Wednesday, February 1, 2012

Wednesday in Epiphany 4: O venerable father Abraham!

Opening Sentence
From the rising of the sun to its setting my Name shall be great among the nations, and in every place incense shall be offered to my Name, and a pure offering; for my Name shall be great among the nations, says the Lord of hosts. Malachi 1:11

Commemoration: Brigid (Bridget) of Kildare
Everliving God, we rejoice today in the fellowship of your Blessed servant Brigid, and we give you thanks for her life of devoted service. Inspire us with life and light, and give us perseverance to serve you all our days; through Jesus Christ our Lord, who with you and the Holy Spirit lives and reigns, one God, world without end. Amen.

Psalter: Psalm 72

Lessons: Genesis 22:1-18, Hebrews 11:23-31, John 6:52-59

O venerable father Abraham! When you returned home from Mount Moriah, you needed no praise to console you for your loss: for, indeed, did you not win everything and keep Isaac? Henceforth the Lord took him no more from you but you sat joyfully at table with him in your tent, as you will in Heaven for all eternity. O venerable father Abraham! Thousands of years have passed since those days, but you have no need of a tardy lover to snatch your memory from the power of oblivion: for every language reminds men of you – and yet you reward your lover more gloriously than anyone, since in Heaven you grant him blessedness in your bosom and on earth captivate his heart and his eyes with the miracle of your action. O venerable father Abraham! Second father of our race!
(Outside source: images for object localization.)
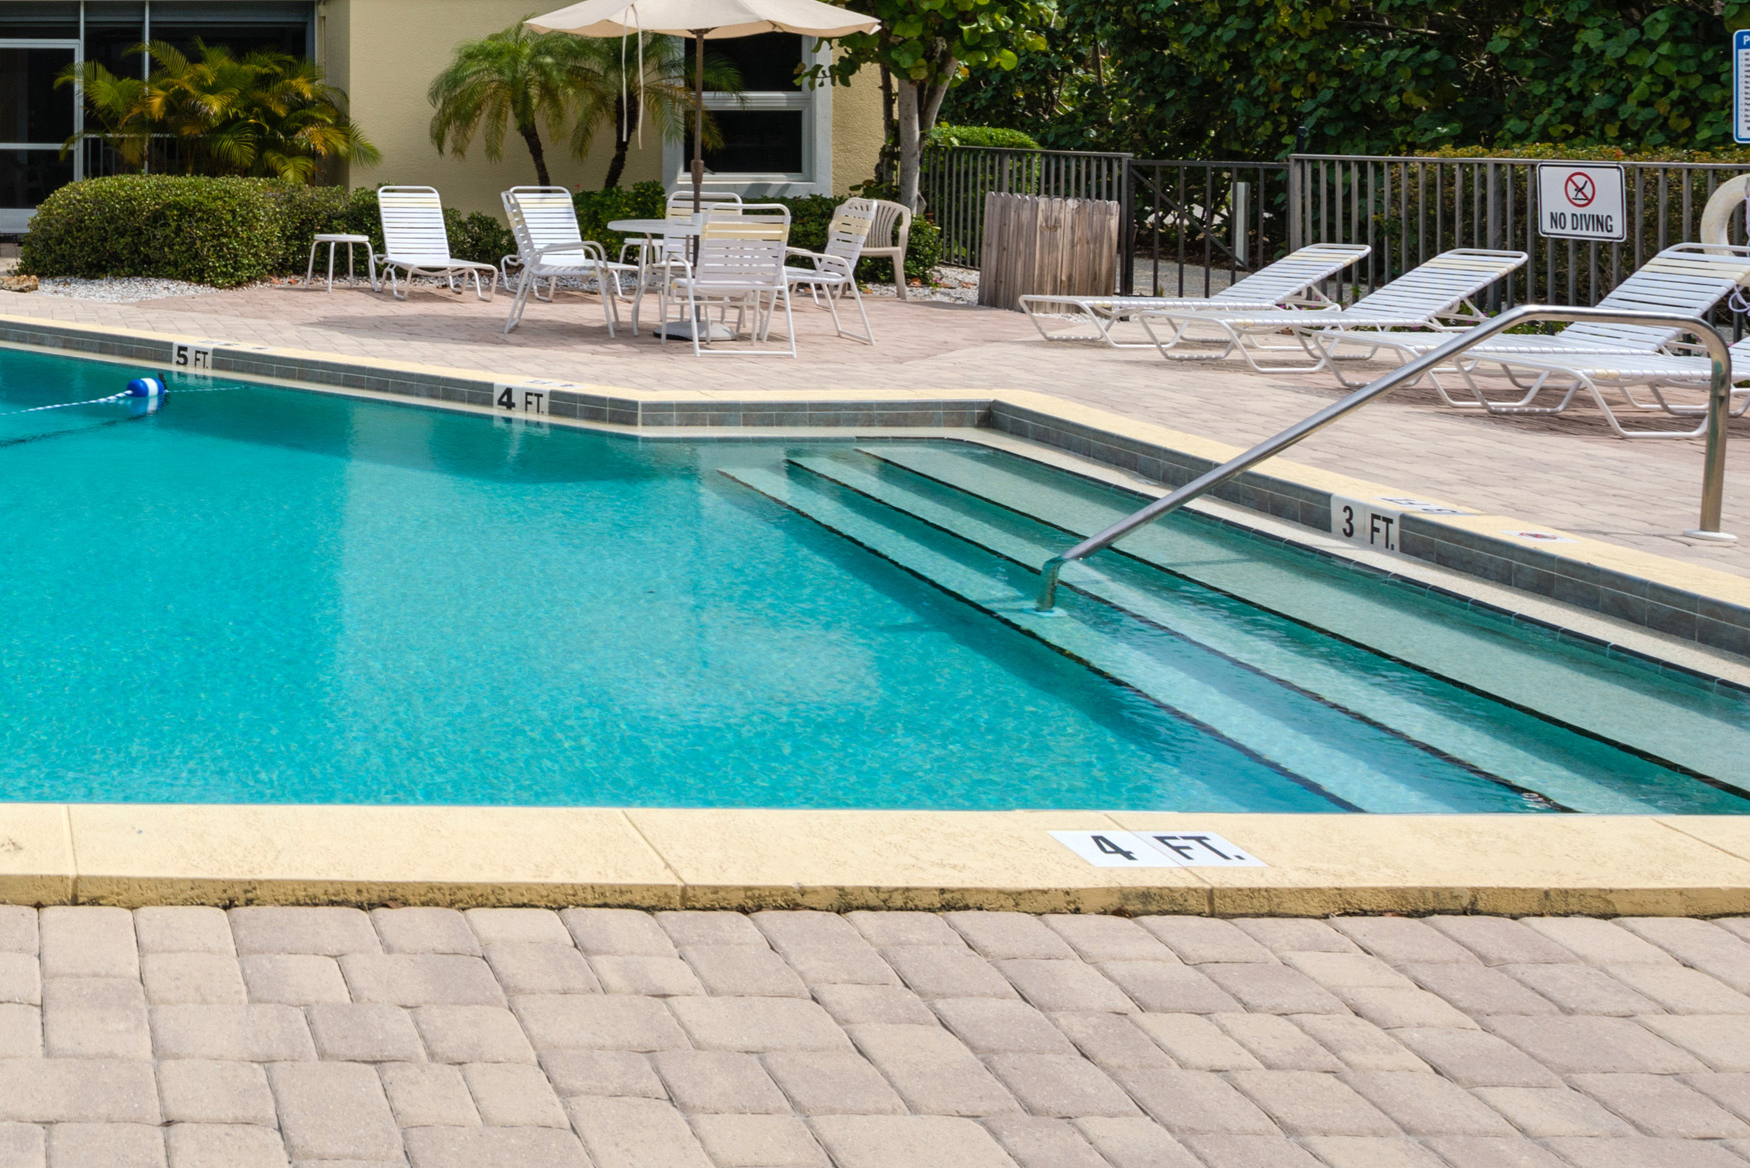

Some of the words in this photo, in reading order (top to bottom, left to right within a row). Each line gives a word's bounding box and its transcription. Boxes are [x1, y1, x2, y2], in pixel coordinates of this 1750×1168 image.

[1743, 35, 1750, 45] P
[1550, 212, 1567, 230] NO
[1571, 213, 1614, 233] DIVING
[176, 345, 188, 365] 5
[497, 387, 516, 410] 4
[525, 392, 544, 414] FT.
[1342, 505, 1354, 538] 3
[1370, 513, 1394, 551] FT.
[1090, 835, 1138, 861] 4
[1152, 835, 1246, 861] FT.
You who were the first to know and the first to bear witness to that vast passion which disdains the fury of the elements and the powers of creation in order to battle with God, you who were the first to know that supreme passion, that humble, holy , and pure expression of the divine madness which was the admiration of the heathen – forgive him who would speak your praise, if he has spoken idly. He has spoken humbly, according to the desire of his heart: he has spoken briefly, because brevity is seemly; but he will never forget that you required a hundred years to obtain the son of your old age against all hope and that you had to draw your knife before you could keep Isaac; nor will he ever forget that in a hundred and thirty years you never went beyond faith.